Discover Execs Insist They Are Equal to the Task of Entering Mortgages

Thriving in home loans is a tall order these days, but executives at Discover Financial Services sought to make the case Friday why the timing is right for their purchase of Tree.com Inc.'s mortgage origination unit.

Discover, of Riverwoods, Ill., badly wants to expand beyond credit card loans. Though mortgage lending has contracted and regulators are on red alert after servicing and other scandals, Discover is an experienced direct-to-consumer marketer that can expand the Home Loan Center unit and make broad use of it, executives said.

Still, Discover will have a hard time trying to build its relatively small acquisition into a player with critical mass.

"The challenge with mortgage lending is that they're large loan amounts and a relatively small number of loans require a lot of capital really quickly compared with originating credit cards and student loans, and secondary mortgage markets are still skittish about mortgage financing," said Craig Focardi, a senior research director who focuses on mortgage and consumer lending at TowerGroup in Needham, Mass.

Discover said Thursday that it agreed to pay $55.9 million for the assets of Home Loan Center, which operates as LendingTree Loans. Like Tree.com, Discover's plan is to originate mortgages and sell them to the secondary market rather than retaining them on its balance sheet.

The deal is not a surprising move for Discover or Tree.com, which was spun off from IAC/InterActiveCorp in 2008.

Discover executives have said mortgage origination was a key business missing from its direct banking strategy. It has already entered student lending and began offering traditional products like savings accounts and certificates of deposit.

"We believe firmly that the mortgage business is going to be a critically important linchpin of a consumer banking strategy going forward," Mark Graf, the chief financial officer of Discover, said on a conference call with analysts Friday.

Discover in February announced it was buying about $1.1 billion of consumer deposits from the insurer Allstate Corp. and would market its own deposit account products through Allstate's agents.

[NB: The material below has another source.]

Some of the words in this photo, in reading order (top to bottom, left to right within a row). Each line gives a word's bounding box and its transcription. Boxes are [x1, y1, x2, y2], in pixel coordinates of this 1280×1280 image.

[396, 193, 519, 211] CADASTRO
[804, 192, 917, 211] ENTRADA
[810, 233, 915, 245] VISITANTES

In December, it completed its $600 million purchase of Student Loan Corp., which was majority owned by Citigroup Inc., to bolster its student lending business.

"The student lending piece is a way to acquire younger borrowers early in their life cycle of borrowing, and the mortgage piece is the next logical step for young adults that already have a credit card and a student loan," Focardi said.

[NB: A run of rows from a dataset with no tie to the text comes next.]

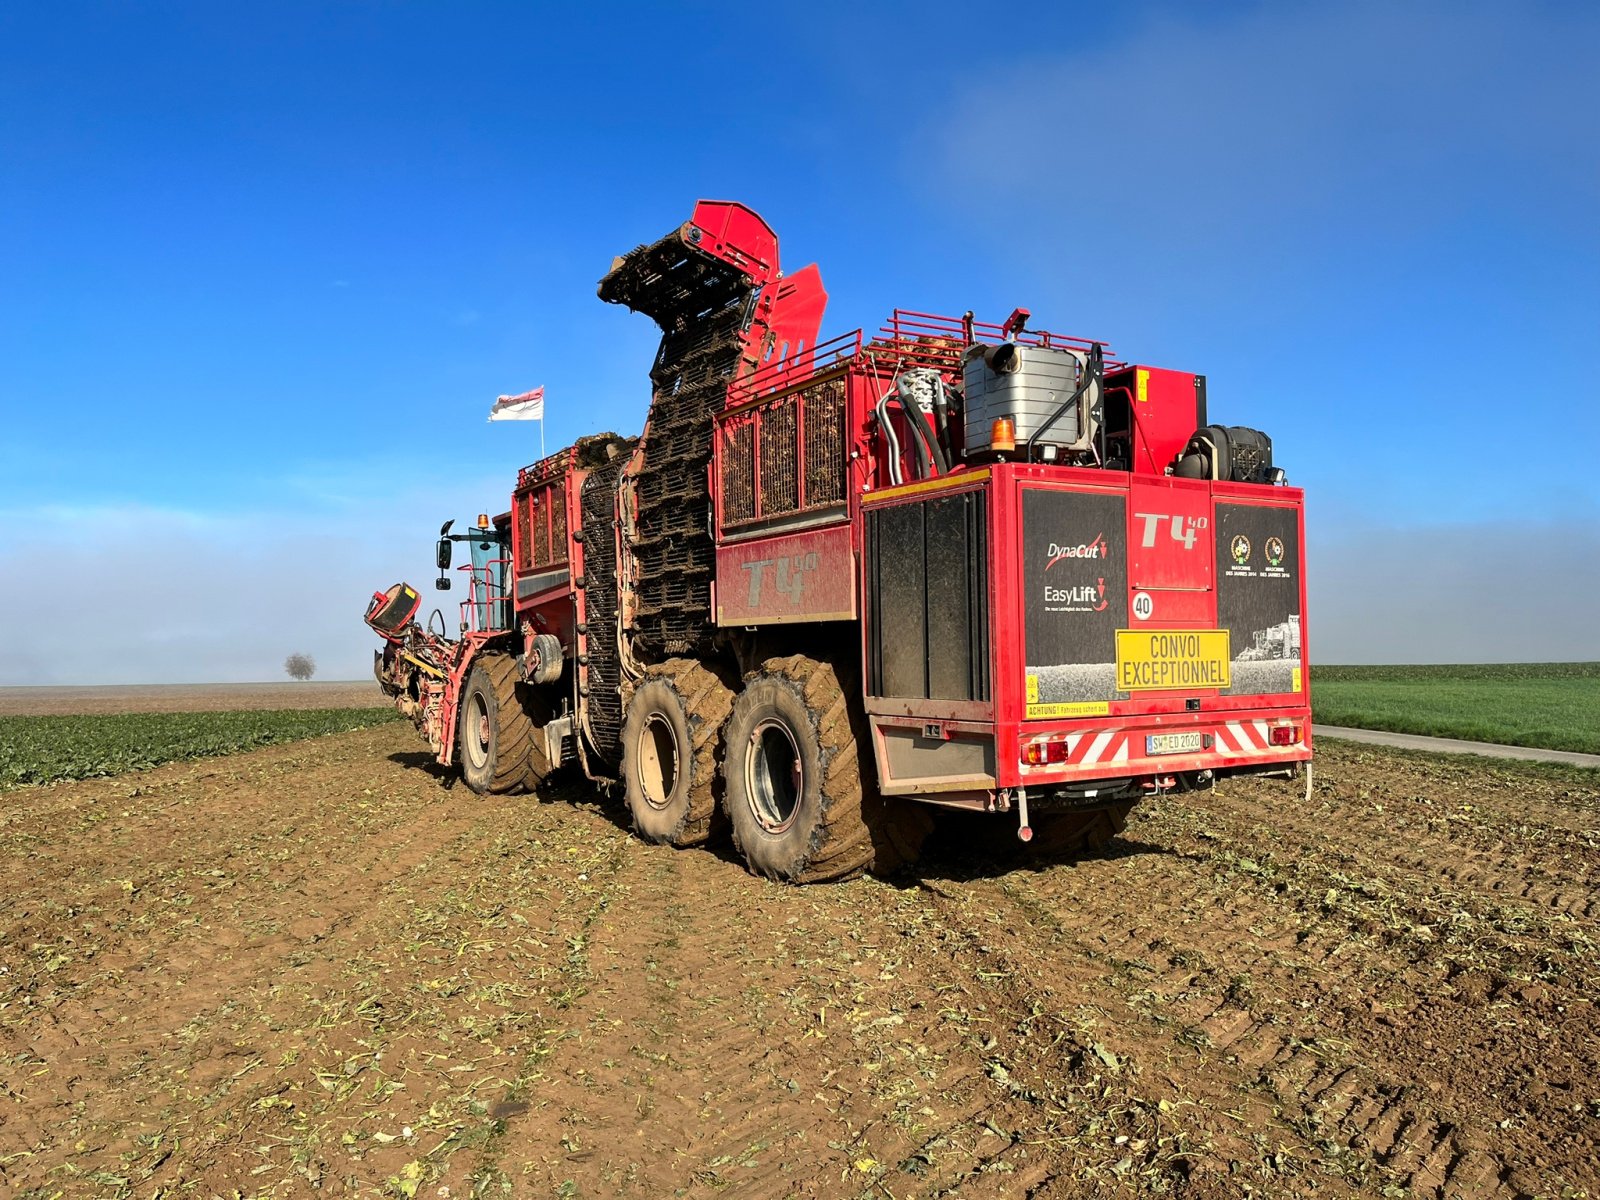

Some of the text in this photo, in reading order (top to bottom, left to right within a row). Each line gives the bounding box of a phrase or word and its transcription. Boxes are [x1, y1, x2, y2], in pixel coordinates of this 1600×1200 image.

[1047, 543, 1100, 560] DynaCut
[1044, 586, 1097, 606] EasyLift
[1135, 597, 1150, 614] 40
[1150, 635, 1200, 658] CONVOI
[1123, 660, 1225, 686] EXCEPTIONNEL
[1180, 734, 1199, 747] 2020

An analyst pressed Discover on how it would maintain trust with consumers when its plan is to sell the loans and relinquish servicing rights.

What customers are looking for is a better origination experience, said Carlos Minetti, the president of consumer banking and operations at Discover.

"When we've talked to our customers and consumers in general they believe that we can come in and fundamentally change the way that that is done," Minetti said. "The servicing aspect is really minor, and I think we will be able to deliver the same level of customer service that we have in credit cards and other products."

For Tree.com, the sale is part of its effort to focus on its core business as an online lead generator for other mortgage lenders.

In addition to freeing up cash, it also allows the Charlotte, N.C., company "to route volume back to our exchange lenders that in today's rate environment will monetize more profitably than" LendingTree Loans, Doug Lebda, the chairman and chief executive of Tree.com, said in an earnings conference call on Thursday.

Revenue from Tree.com's LendingTree Loans unit fell 25% in the first quarter from a year earlier, to $19.3 million, as the number of loans it closed fell 15% from a year earlier, to 2.3 million.

The unit posted an operating loss of $7.3 million, compared with operating income of $5.1 million a year earlier.

JPMorgan Chase & Co., Bank of America Corp. and Wells Fargo & Co. were the three largest investors in Home Loan Center's loans, and collectively accounted for about 60% of Tree.com's revenue in 2010, the company said in its annual report.

Graf said he expects many of Home Loan Center's existing buyers to play a role after the acquisition.

Discover's acquisition is a "small-scale bet" in the view of Sanjay Sakhrani, an analyst who follows Discover for Keefe, Bruyette & Woods. "I think the strategy is sound," Sakhrani said. "It's just a matter of … making sure that the assumptions that they made are appropriate, given the background today in the mortgage space."